Pues no lo tengo tan claro. Me parecen ideas peligrosas, si se llevan al extremo. Una cosa es que dejemos de consumir en invierno cerezas procedentes de Chile y otra, bien distinta, que interrumpamos el proceso de globalización que, además de benéfico, es inevitable. Al menos para nosotros. Lo es. Además de calcular nuestros movimientos hay que considerar los de los demás. Lo hemos visto esta misma semana. En Francia amenazan con dejar fuera de las ayudas públicas a las empresas, como Peugeot o Renault, que sigan produciendo en el extranjero pudiendo hacerlo en su país. Mientras que Nissan se encuentra en plena reorganización de sus producciones y es posible que las reparta por las plantas europeas de Renault, fuera de Cataluña.
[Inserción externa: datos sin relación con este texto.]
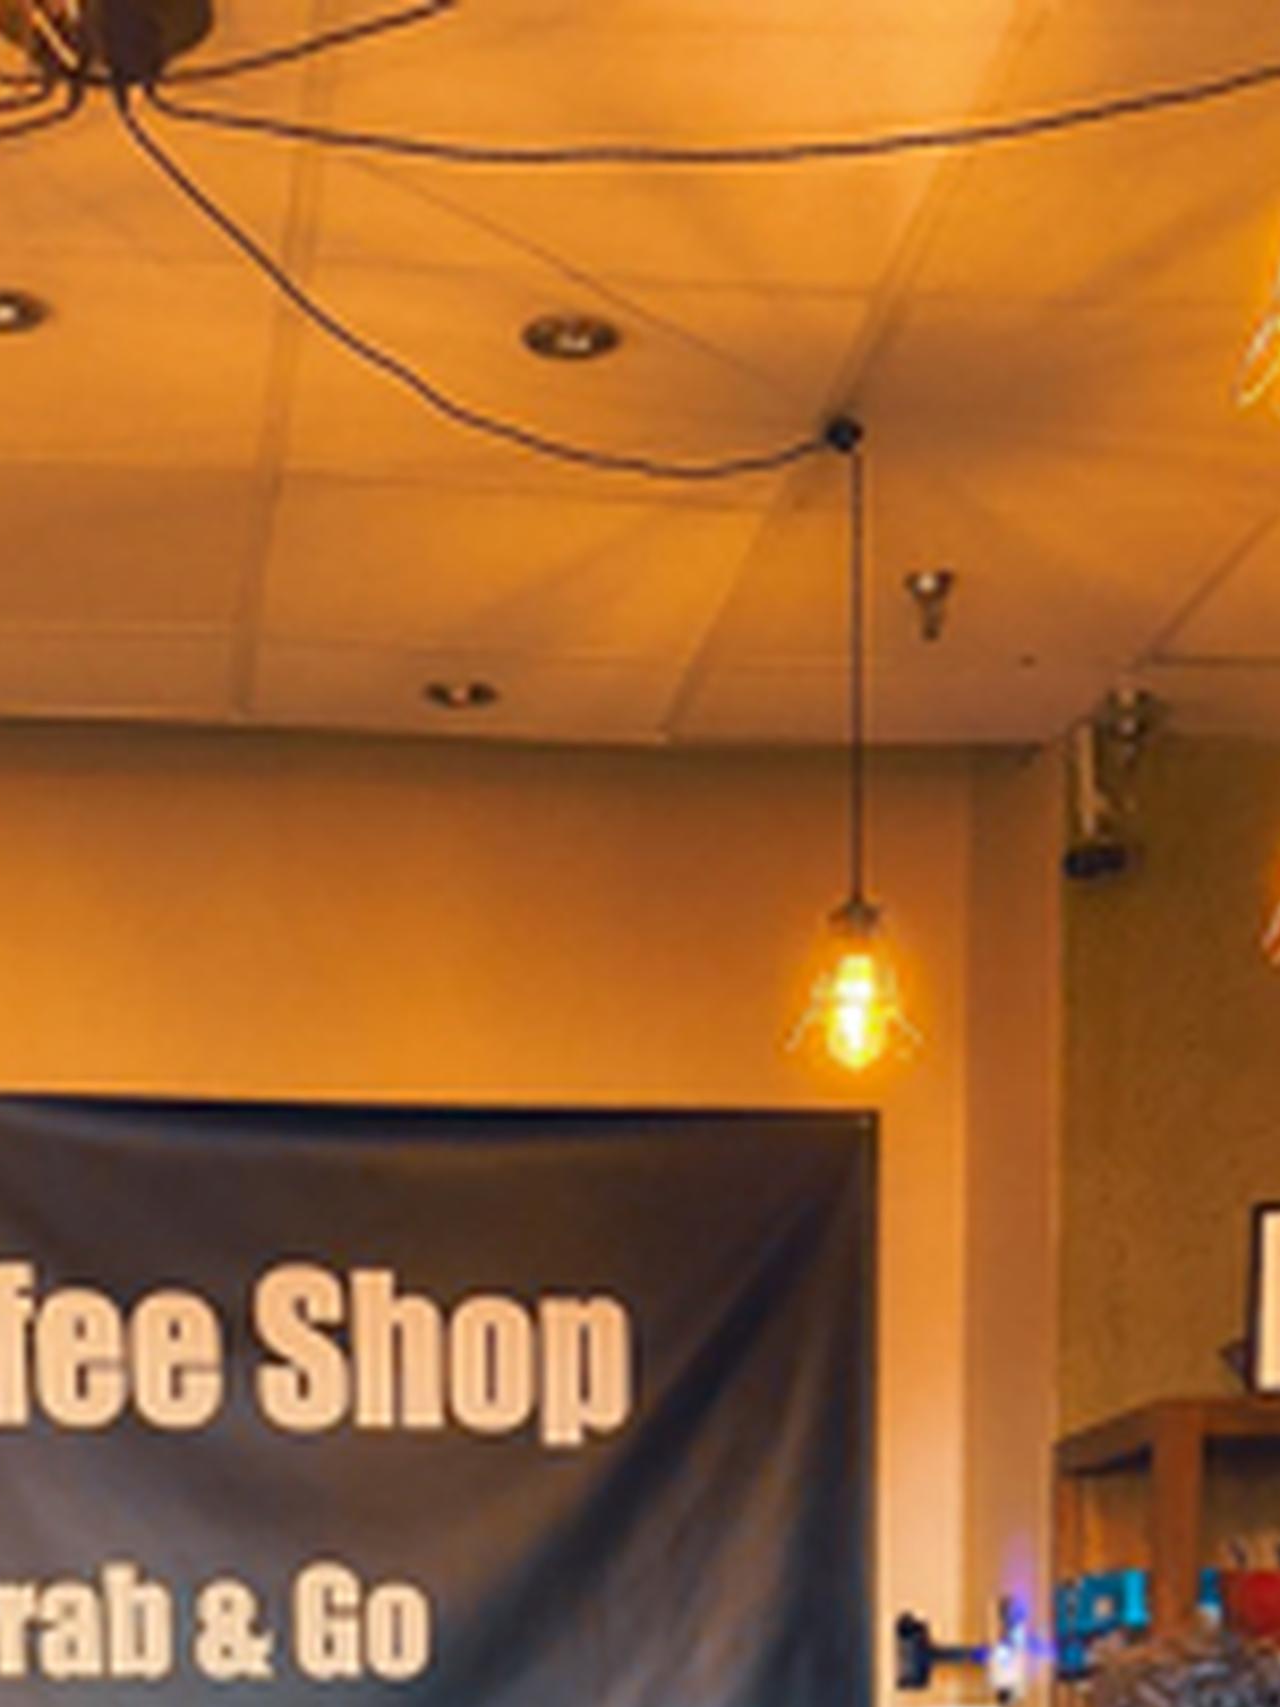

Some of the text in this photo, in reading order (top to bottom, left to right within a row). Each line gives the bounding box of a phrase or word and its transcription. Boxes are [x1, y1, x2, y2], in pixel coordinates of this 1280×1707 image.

¿Se imagina el daño que nos provocarían los franceses si hacen caso a lo que muchos piensan aquí? Sería terrible. Y ¿el turismo? Si fomentamos las vacaciones en España quizás recuperemos muchos de los 20 millones de españoles que salen al extranjero, pero ¿Qué pasará si no vienen los 84 millones de extranjeros que visitaron España en 2019?
Así que ojo con lo que deseamos, no vaya a ser que se cumplan nuestros deseos. La globalización impone obligaciones tremendas, pero también nos habilita derechos inimaginables. Mucho cuidado al elegir bando. Si todo el mundo se antiglobaliza, nosotros perdemos. No lo dude.